## Task brief
Can you retype only the lines from the one with "Some of the text" through the final line of the material, exactly as given?

Start of Source material

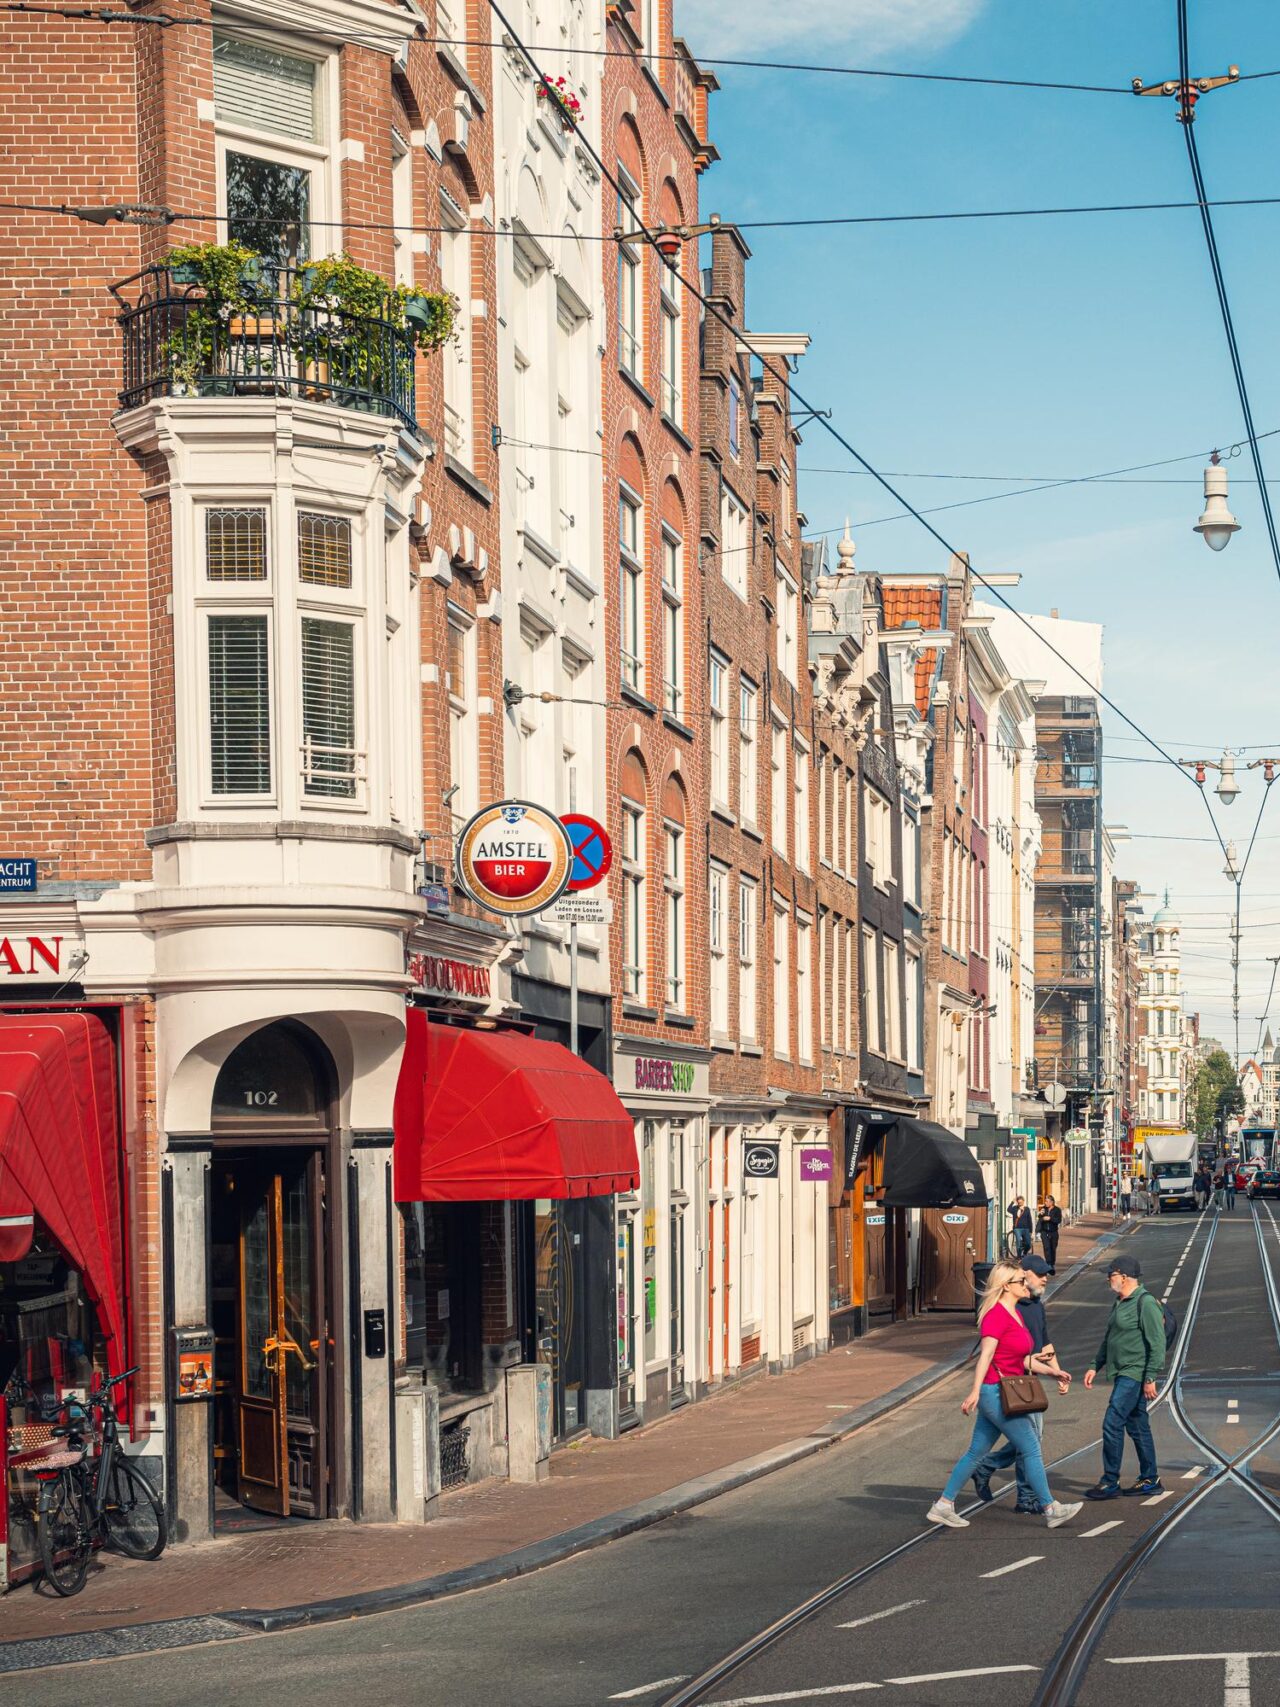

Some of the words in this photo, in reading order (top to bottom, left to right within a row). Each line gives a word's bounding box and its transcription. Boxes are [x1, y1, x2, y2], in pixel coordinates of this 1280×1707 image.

[477, 842, 547, 858] AMSTEL
[495, 864, 525, 876] BIER
[0, 937, 63, 975] AN
[635, 1057, 694, 1093] BARBERSHOP
[244, 1091, 278, 1105] 102
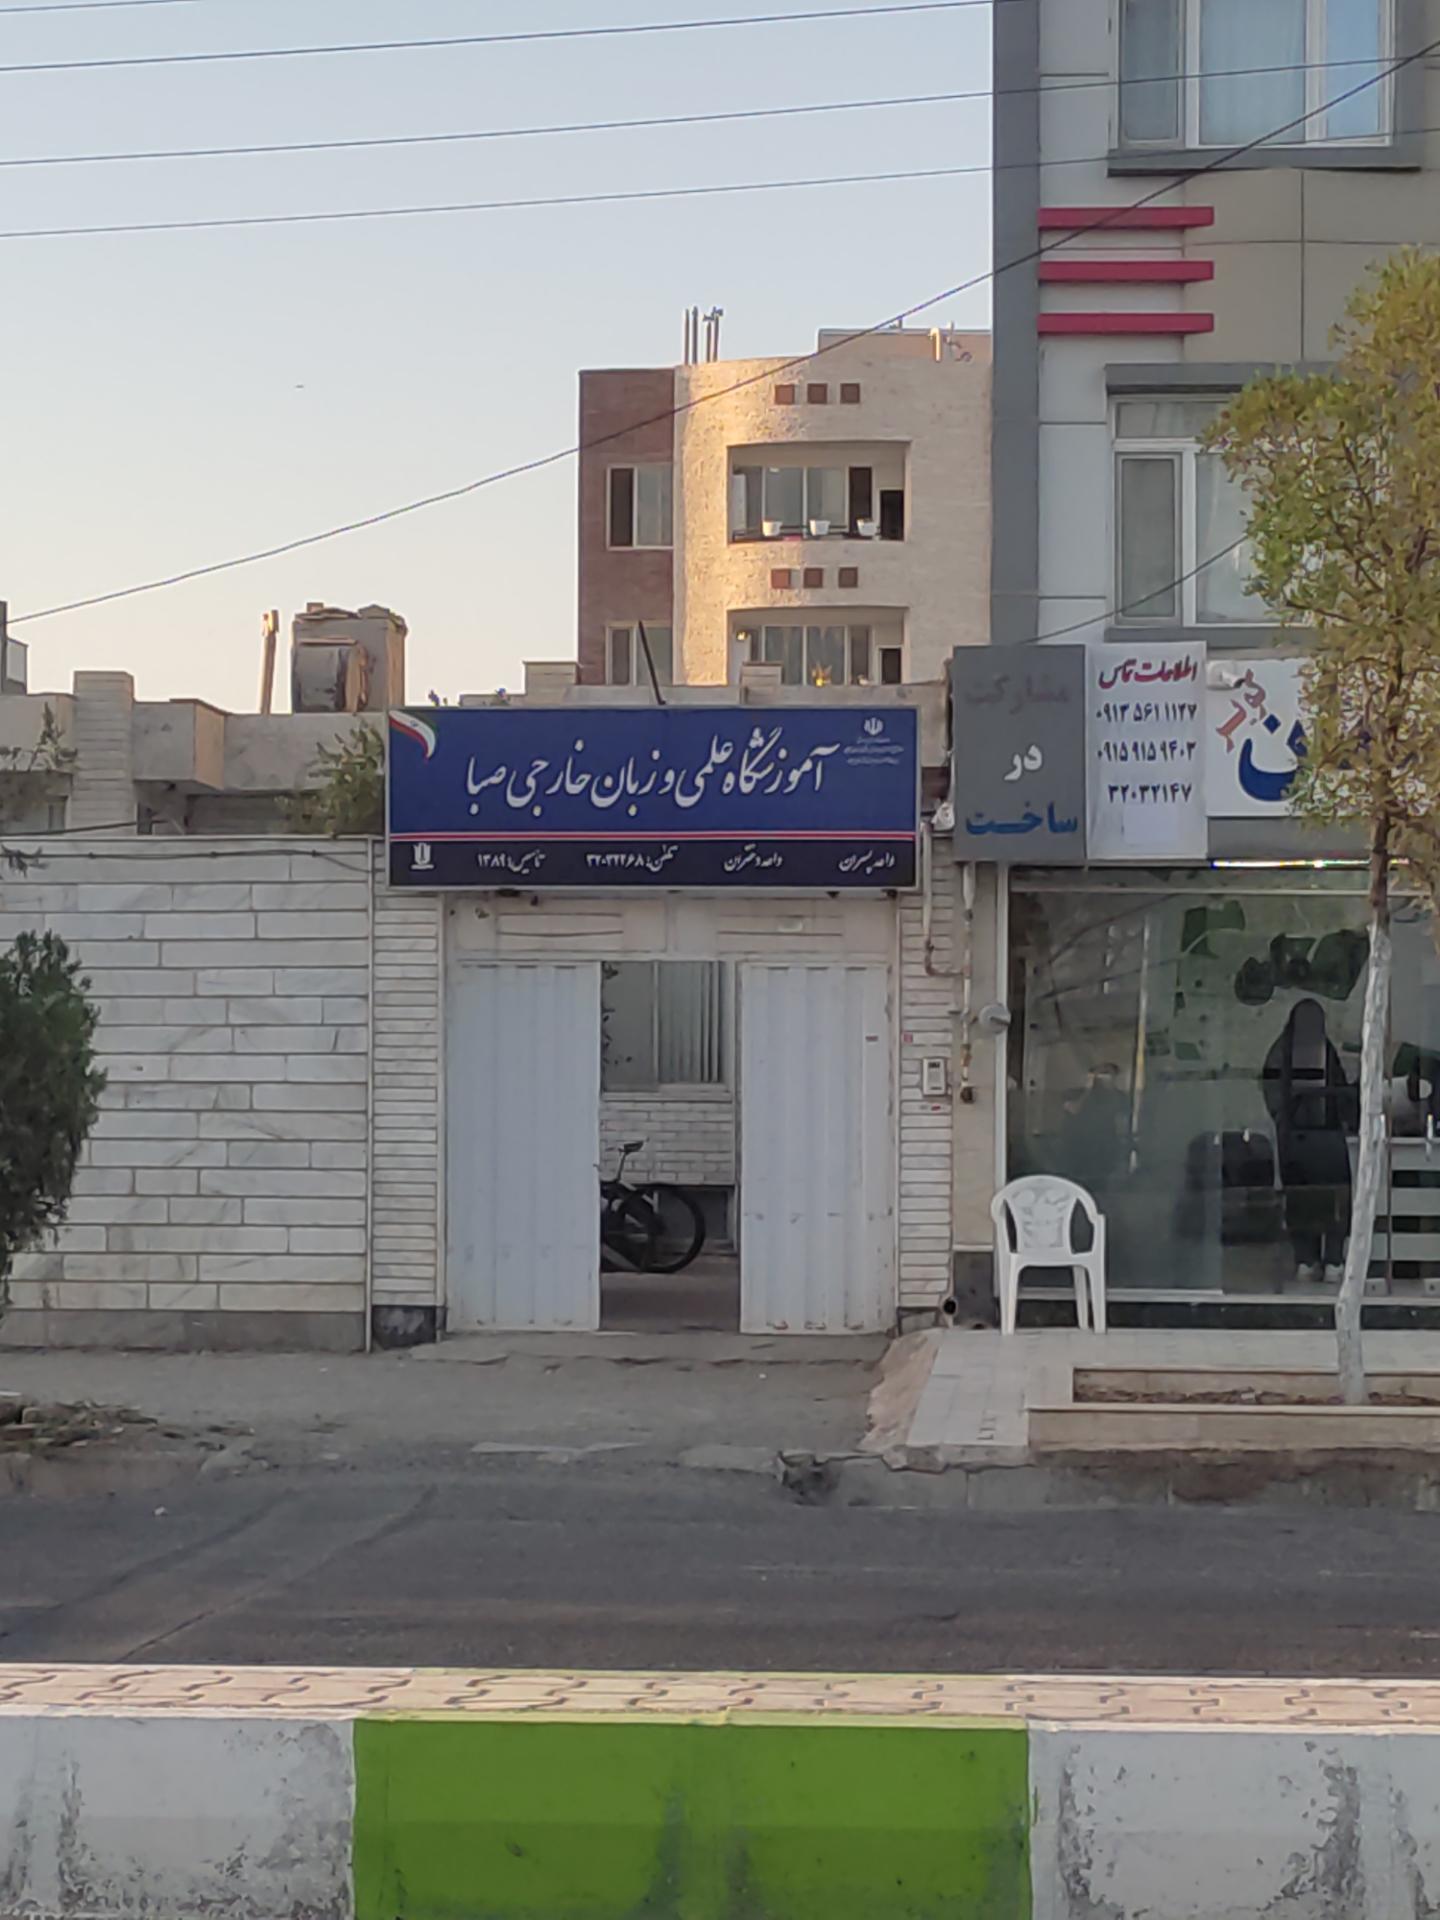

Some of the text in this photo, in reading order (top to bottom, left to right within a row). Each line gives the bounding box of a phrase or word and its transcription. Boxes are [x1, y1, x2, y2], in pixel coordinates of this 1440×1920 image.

[467, 757, 507, 815] صبا
[506, 739, 592, 817] خارجی
[590, 750, 660, 817] زبان
[674, 734, 733, 808] علمی
[721, 726, 841, 794] آموزشگاه
[1004, 744, 1043, 781] در
[965, 801, 1078, 835] ساخت
[838, 850, 873, 874] پسران

End of Source material

## Solved exercise
Some of the text in this photo, in reading order (top to bottom, left to right within a row). Each line gives the bounding box of a phrase or word and its transcription. Boxes are [x1, y1, x2, y2], in pixel coordinates of this 1440×1920 image.

[467, 757, 507, 815] صبا
[506, 739, 592, 817] خارجی
[590, 750, 660, 817] زبان
[674, 734, 733, 808] علمی
[721, 726, 841, 794] آموزشگاه
[1004, 744, 1043, 781] در
[965, 801, 1078, 835] ساخت
[838, 850, 873, 874] پسران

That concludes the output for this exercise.